Pourquoi et comment sensibiliser les employés

Ce article reprend les points clés de ma présentation sur la sensibilisation, effectuée dans le cadre du forum ISA consacré à la sécurité des systèmes d’automatismes et de contrôle de procédé.

Il concerne la sensibilisation du personnel au sujet de la cybersécurité en environnement industriel, qui est incontournable car :

  • c’est facile
  • c’est efficace
  • c’est pas cher

Dans cet article, je développe ces trois points et donne aussi quelques clés pour réussir les sensibilisations.

Les supports utilisés durant la présentation au forum ISA sont disponibles au format PDF, mais ils ne sont pas « auto-porteurs », le texte ci-dessous reprend l’essentiel des commentaires oraux.

Pourquoi sensibiliser ?

Sensibiliser signifie rendre les employés conscients de la situation et des risques liés à la cybersécurité. C’est souvent présenté comme l’un des axes majeurs des systèmes de management de la sécurité.

A noter que le terme « cybersécurité » est utilisé ici dans le sens de la protection des actifs, de la production, des biens et des personnes contre les cyber-attaques, comme cela est utilisé dans les domaines des infrastructures critiques. C’est donc à la fois plus restrictif que la sécurité des SIs au sens général (ne prend pas en compte les pannes, erreurs…), et plus général (pas seulement protection de l’information, comme le rappelle Ralph Langer dans l’entête de son site).

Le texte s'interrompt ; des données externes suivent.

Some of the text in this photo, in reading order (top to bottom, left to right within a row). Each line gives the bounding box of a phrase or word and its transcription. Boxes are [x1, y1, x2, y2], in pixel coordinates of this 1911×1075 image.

Le rôle essentiel des employés dans la cybersécurité est démontré dans un récent sondage au Royaume Uni, qui montre que les employés sont la première source de menaces pour plus de la moitié des entreprises sondées. En effet, même s’ils ne sont pas forcément mal intentionnés, les employés peuvent être les vecteurs des attaques (par naïveté), voire permettre ou aggraver les impacts (par passivité et absence de repères).

Un employé averti en vaut plusieurs que ce soit pour la prévention (éviter de ramasser une clé USB, de faciliter les accès distants, de donner des droits élargis aux stagiaires), la détection (être conscient qu’un fonctionnement anormal peut être lié à un cyber-incident), et bien évidemment la réaction pour avoir quelques bons réflexes.

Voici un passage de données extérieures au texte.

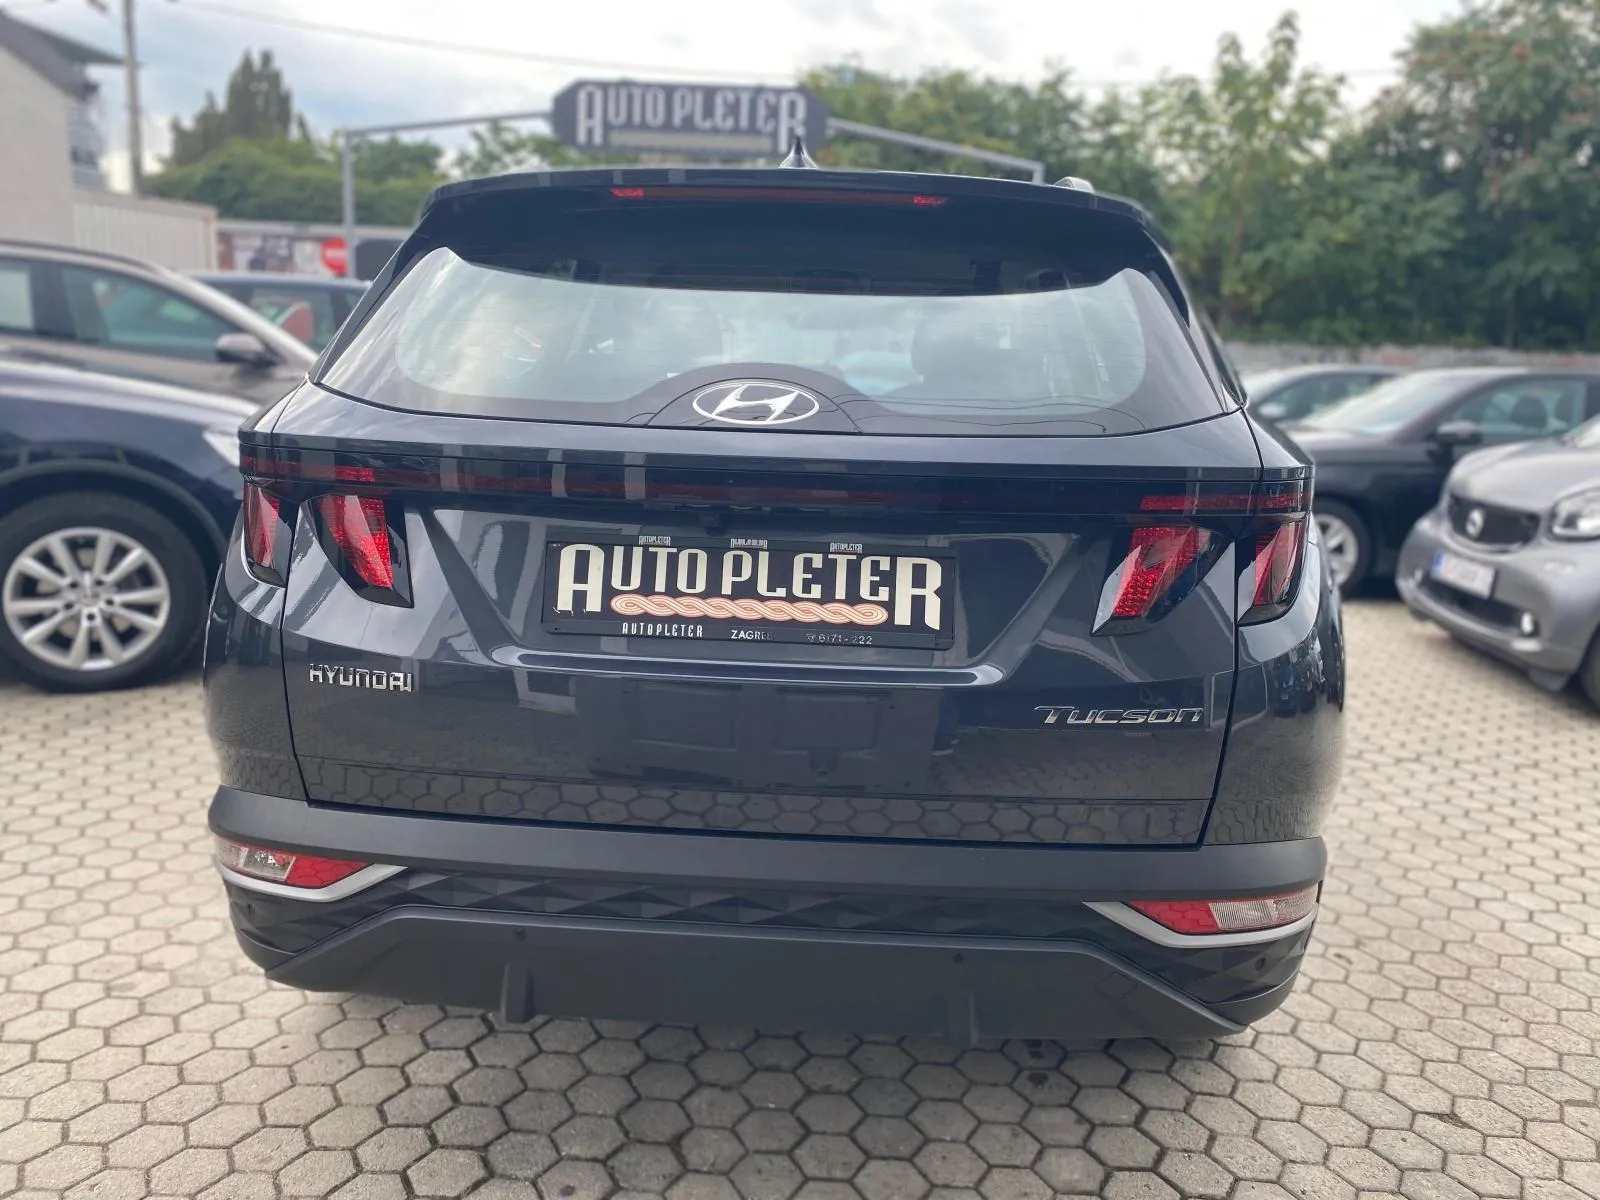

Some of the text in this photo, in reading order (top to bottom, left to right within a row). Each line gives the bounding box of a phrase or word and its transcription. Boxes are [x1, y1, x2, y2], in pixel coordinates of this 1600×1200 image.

La sensibilisation est utile dans tous les cas, que ce soit avant de lancer un projet de sécurisation (pour préparer le terrain et baisser le niveau de résistance), ou quand il n’y a pas de budget pour mener un tel projet (la sensibilisation ne coûte pas très cher et le retour sur investissement est élevé).

C’est cité dans tous les normes de cybersécurité, mais cependant peu mis en œuvre (sondages par mes soins, non représentatif, de responsables d’entreprises), car la sensibilisation à la sécurité informatique est (apparemment) en dehors des compétences et des processus habituels dans l’industrie.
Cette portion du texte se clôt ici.